» Material supplied:
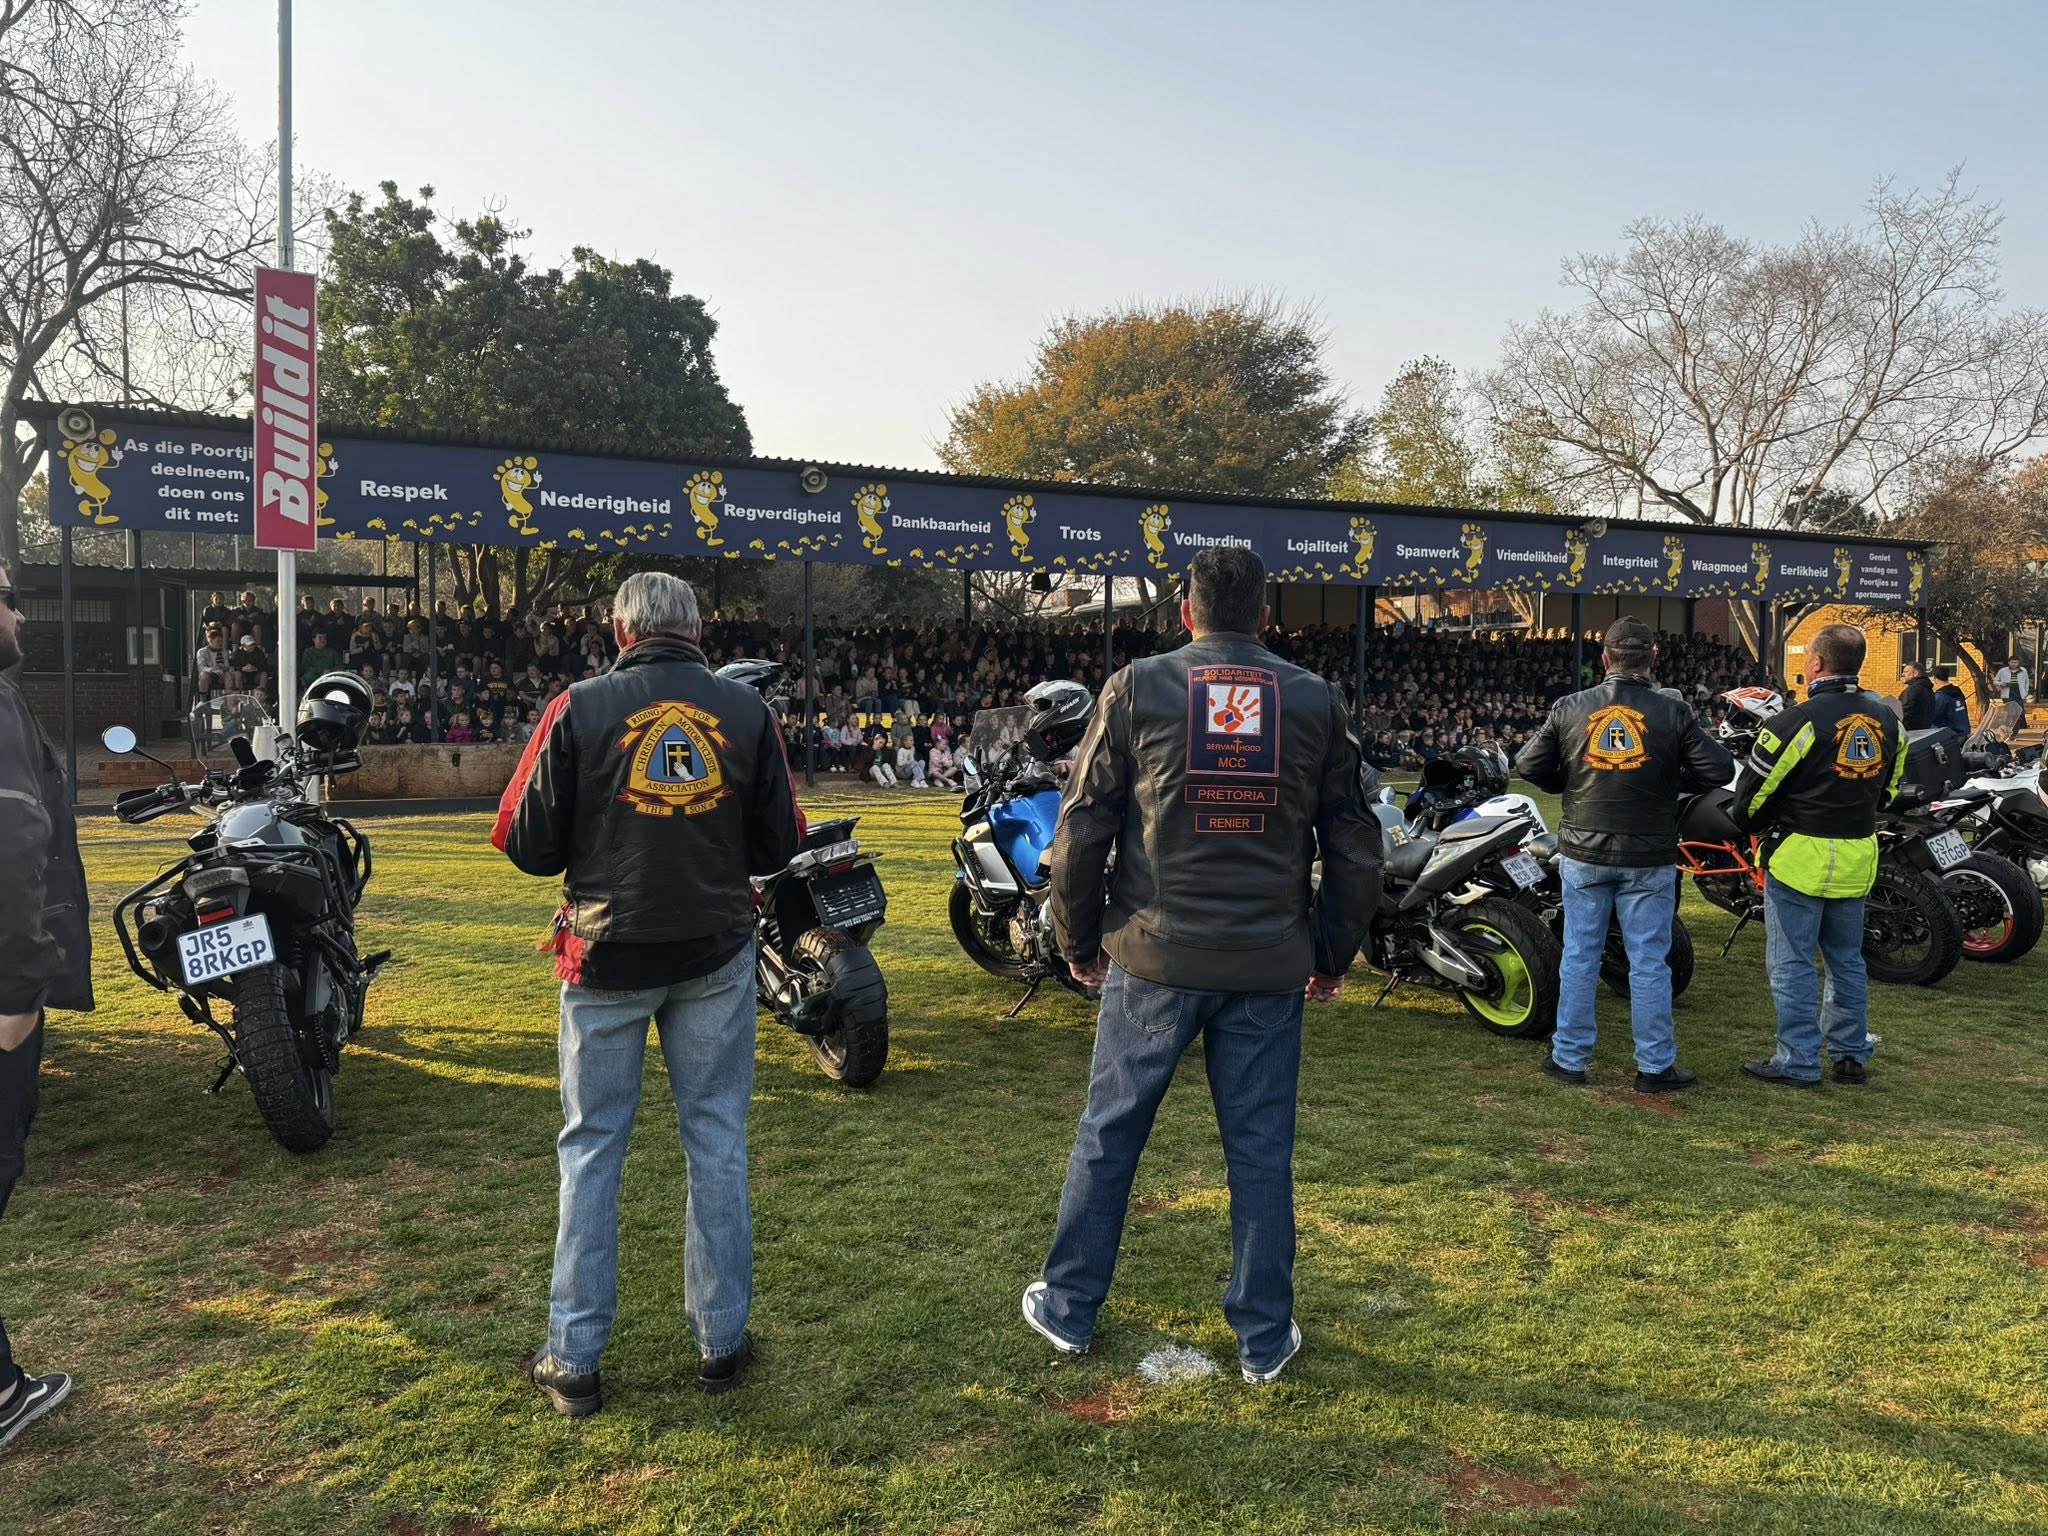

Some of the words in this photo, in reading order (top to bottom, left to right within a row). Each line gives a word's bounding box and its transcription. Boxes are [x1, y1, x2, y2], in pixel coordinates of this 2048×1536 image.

[262, 294, 310, 350] it
[262, 343, 310, 525] Build
[123, 438, 149, 452] As
[155, 441, 185, 454] die
[151, 462, 250, 483] deelneem,
[158, 485, 205, 499] doen
[211, 490, 245, 501] ons
[360, 479, 449, 502] Respek
[540, 491, 671, 514] Nederigheid
[165, 507, 191, 520] dit
[197, 510, 239, 523] met:
[724, 503, 841, 524] Regverdigheid
[891, 515, 991, 534] Dankbaarheid
[1059, 525, 1102, 541] Trots
[1173, 532, 1252, 550] Volharding
[1287, 538, 1349, 555] Lojaliteit
[1395, 544, 1460, 560] Spanwerk
[1496, 549, 1568, 564] Vriendelikheid
[1602, 554, 1659, 569] Integriteit
[1869, 552, 1891, 562] Geniet
[1692, 560, 1748, 574] Waagmoed
[1780, 564, 1829, 578] Eerlikheid
[1860, 565, 1885, 576] vandag
[1859, 577, 1889, 588] Poortjies
[630, 709, 660, 725] RIDING
[692, 710, 711, 723] FOR
[636, 720, 668, 772] CHRISTIAN
[676, 717, 718, 774] MOTORCYCLISTS
[1218, 757, 1247, 769] MCC
[645, 780, 709, 792] ASSOCIATION
[1197, 790, 1266, 801] PRETORIA
[645, 805, 665, 815] THE
[1209, 818, 1250, 829] RENIER
[1929, 836, 1949, 854] CS7
[1938, 843, 1967, 866] 6TCGP
[185, 926, 232, 957] JR5
[188, 939, 267, 978] 8RKGP

» Assigned task:
Starting with the top line, write out all the data above exactly; keep the pictures out.

» Exercise answer:
Some of the words in this photo, in reading order (top to bottom, left to right within a row). Each line gives a word's bounding box and its transcription. Boxes are [x1, y1, x2, y2], in pixel coordinates of this 2048×1536 image.

[262, 294, 310, 350] it
[262, 343, 310, 525] Build
[123, 438, 149, 452] As
[155, 441, 185, 454] die
[151, 462, 250, 483] deelneem,
[158, 485, 205, 499] doen
[211, 490, 245, 501] ons
[360, 479, 449, 502] Respek
[540, 491, 671, 514] Nederigheid
[165, 507, 191, 520] dit
[197, 510, 239, 523] met:
[724, 503, 841, 524] Regverdigheid
[891, 515, 991, 534] Dankbaarheid
[1059, 525, 1102, 541] Trots
[1173, 532, 1252, 550] Volharding
[1287, 538, 1349, 555] Lojaliteit
[1395, 544, 1460, 560] Spanwerk
[1496, 549, 1568, 564] Vriendelikheid
[1602, 554, 1659, 569] Integriteit
[1869, 552, 1891, 562] Geniet
[1692, 560, 1748, 574] Waagmoed
[1780, 564, 1829, 578] Eerlikheid
[1860, 565, 1885, 576] vandag
[1859, 577, 1889, 588] Poortjies
[630, 709, 660, 725] RIDING
[692, 710, 711, 723] FOR
[636, 720, 668, 772] CHRISTIAN
[676, 717, 718, 774] MOTORCYCLISTS
[1218, 757, 1247, 769] MCC
[645, 780, 709, 792] ASSOCIATION
[1197, 790, 1266, 801] PRETORIA
[645, 805, 665, 815] THE
[1209, 818, 1250, 829] RENIER
[1929, 836, 1949, 854] CS7
[1938, 843, 1967, 866] 6TCGP
[185, 926, 232, 957] JR5
[188, 939, 267, 978] 8RKGP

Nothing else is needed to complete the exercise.